ASSIGNMENT:
Below are some records; output all of them exactly.

(TASK INPUT Opens)

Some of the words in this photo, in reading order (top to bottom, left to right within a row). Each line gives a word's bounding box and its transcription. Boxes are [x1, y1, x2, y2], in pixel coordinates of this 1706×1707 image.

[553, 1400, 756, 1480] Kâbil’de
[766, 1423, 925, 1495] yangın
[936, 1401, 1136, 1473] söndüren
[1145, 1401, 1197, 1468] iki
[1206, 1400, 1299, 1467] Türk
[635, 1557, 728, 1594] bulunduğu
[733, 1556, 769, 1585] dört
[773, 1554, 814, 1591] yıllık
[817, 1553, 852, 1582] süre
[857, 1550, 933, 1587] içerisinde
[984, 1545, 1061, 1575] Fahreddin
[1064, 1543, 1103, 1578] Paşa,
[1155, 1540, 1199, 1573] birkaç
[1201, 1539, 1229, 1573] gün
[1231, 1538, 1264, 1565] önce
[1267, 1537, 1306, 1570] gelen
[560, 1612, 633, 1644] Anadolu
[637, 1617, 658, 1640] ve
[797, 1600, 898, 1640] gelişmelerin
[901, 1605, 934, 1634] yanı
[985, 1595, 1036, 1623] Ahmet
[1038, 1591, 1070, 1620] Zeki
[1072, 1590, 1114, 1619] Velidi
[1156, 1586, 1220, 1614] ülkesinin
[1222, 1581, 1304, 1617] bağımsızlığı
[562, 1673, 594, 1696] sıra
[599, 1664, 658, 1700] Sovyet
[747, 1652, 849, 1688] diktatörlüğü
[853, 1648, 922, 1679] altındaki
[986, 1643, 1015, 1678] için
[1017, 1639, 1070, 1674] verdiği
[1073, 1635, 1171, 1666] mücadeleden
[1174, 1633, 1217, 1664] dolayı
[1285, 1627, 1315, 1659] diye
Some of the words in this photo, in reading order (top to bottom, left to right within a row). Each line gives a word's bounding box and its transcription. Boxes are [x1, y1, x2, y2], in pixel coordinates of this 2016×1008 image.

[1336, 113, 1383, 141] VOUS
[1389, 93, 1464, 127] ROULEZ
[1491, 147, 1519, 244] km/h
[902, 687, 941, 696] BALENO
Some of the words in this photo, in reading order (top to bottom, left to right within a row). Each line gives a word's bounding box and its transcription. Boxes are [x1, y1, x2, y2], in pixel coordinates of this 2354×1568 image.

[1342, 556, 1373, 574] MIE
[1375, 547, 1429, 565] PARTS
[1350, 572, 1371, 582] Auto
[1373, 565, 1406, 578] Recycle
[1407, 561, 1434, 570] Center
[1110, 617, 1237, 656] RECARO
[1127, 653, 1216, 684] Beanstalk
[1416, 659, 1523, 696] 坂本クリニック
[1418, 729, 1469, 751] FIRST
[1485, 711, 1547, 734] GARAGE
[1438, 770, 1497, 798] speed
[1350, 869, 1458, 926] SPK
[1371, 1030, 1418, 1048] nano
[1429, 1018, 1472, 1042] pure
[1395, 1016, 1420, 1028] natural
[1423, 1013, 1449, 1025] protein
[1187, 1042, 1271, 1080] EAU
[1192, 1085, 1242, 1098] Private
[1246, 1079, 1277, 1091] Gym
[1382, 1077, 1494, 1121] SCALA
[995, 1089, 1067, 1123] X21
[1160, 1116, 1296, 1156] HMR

(TASK INPUT Closes)

RESPONSE BOX:
Some of the words in this photo, in reading order (top to bottom, left to right within a row). Each line gives a word's bounding box and its transcription. Boxes are [x1, y1, x2, y2], in pixel coordinates of this 1706×1707 image.

[553, 1400, 756, 1480] Kâbil’de
[766, 1423, 925, 1495] yangın
[936, 1401, 1136, 1473] söndüren
[1145, 1401, 1197, 1468] iki
[1206, 1400, 1299, 1467] Türk
[635, 1557, 728, 1594] bulunduğu
[733, 1556, 769, 1585] dört
[773, 1554, 814, 1591] yıllık
[817, 1553, 852, 1582] süre
[857, 1550, 933, 1587] içerisinde
[984, 1545, 1061, 1575] Fahreddin
[1064, 1543, 1103, 1578] Paşa,
[1155, 1540, 1199, 1573] birkaç
[1201, 1539, 1229, 1573] gün
[1231, 1538, 1264, 1565] önce
[1267, 1537, 1306, 1570] gelen
[560, 1612, 633, 1644] Anadolu
[637, 1617, 658, 1640] ve
[797, 1600, 898, 1640] gelişmelerin
[901, 1605, 934, 1634] yanı
[985, 1595, 1036, 1623] Ahmet
[1038, 1591, 1070, 1620] Zeki
[1072, 1590, 1114, 1619] Velidi
[1156, 1586, 1220, 1614] ülkesinin
[1222, 1581, 1304, 1617] bağımsızlığı
[562, 1673, 594, 1696] sıra
[599, 1664, 658, 1700] Sovyet
[747, 1652, 849, 1688] diktatörlüğü
[853, 1648, 922, 1679] altındaki
[986, 1643, 1015, 1678] için
[1017, 1639, 1070, 1674] verdiği
[1073, 1635, 1171, 1666] mücadeleden
[1174, 1633, 1217, 1664] dolayı
[1285, 1627, 1315, 1659] diye
Some of the words in this photo, in reading order (top to bottom, left to right within a row). Each line gives a word's bounding box and its transcription. Boxes are [x1, y1, x2, y2], in pixel coordinates of this 2016×1008 image.

[1336, 113, 1383, 141] VOUS
[1389, 93, 1464, 127] ROULEZ
[1491, 147, 1519, 244] km/h
[902, 687, 941, 696] BALENO
Some of the words in this photo, in reading order (top to bottom, left to right within a row). Each line gives a word's bounding box and its transcription. Boxes are [x1, y1, x2, y2], in pixel coordinates of this 2354×1568 image.

[1342, 556, 1373, 574] MIE
[1375, 547, 1429, 565] PARTS
[1350, 572, 1371, 582] Auto
[1373, 565, 1406, 578] Recycle
[1407, 561, 1434, 570] Center
[1110, 617, 1237, 656] RECARO
[1127, 653, 1216, 684] Beanstalk
[1416, 659, 1523, 696] 坂本クリニック
[1418, 729, 1469, 751] FIRST
[1485, 711, 1547, 734] GARAGE
[1438, 770, 1497, 798] speed
[1350, 869, 1458, 926] SPK
[1371, 1030, 1418, 1048] nano
[1429, 1018, 1472, 1042] pure
[1395, 1016, 1420, 1028] natural
[1423, 1013, 1449, 1025] protein
[1187, 1042, 1271, 1080] EAU
[1192, 1085, 1242, 1098] Private
[1246, 1079, 1277, 1091] Gym
[1382, 1077, 1494, 1121] SCALA
[995, 1089, 1067, 1123] X21
[1160, 1116, 1296, 1156] HMR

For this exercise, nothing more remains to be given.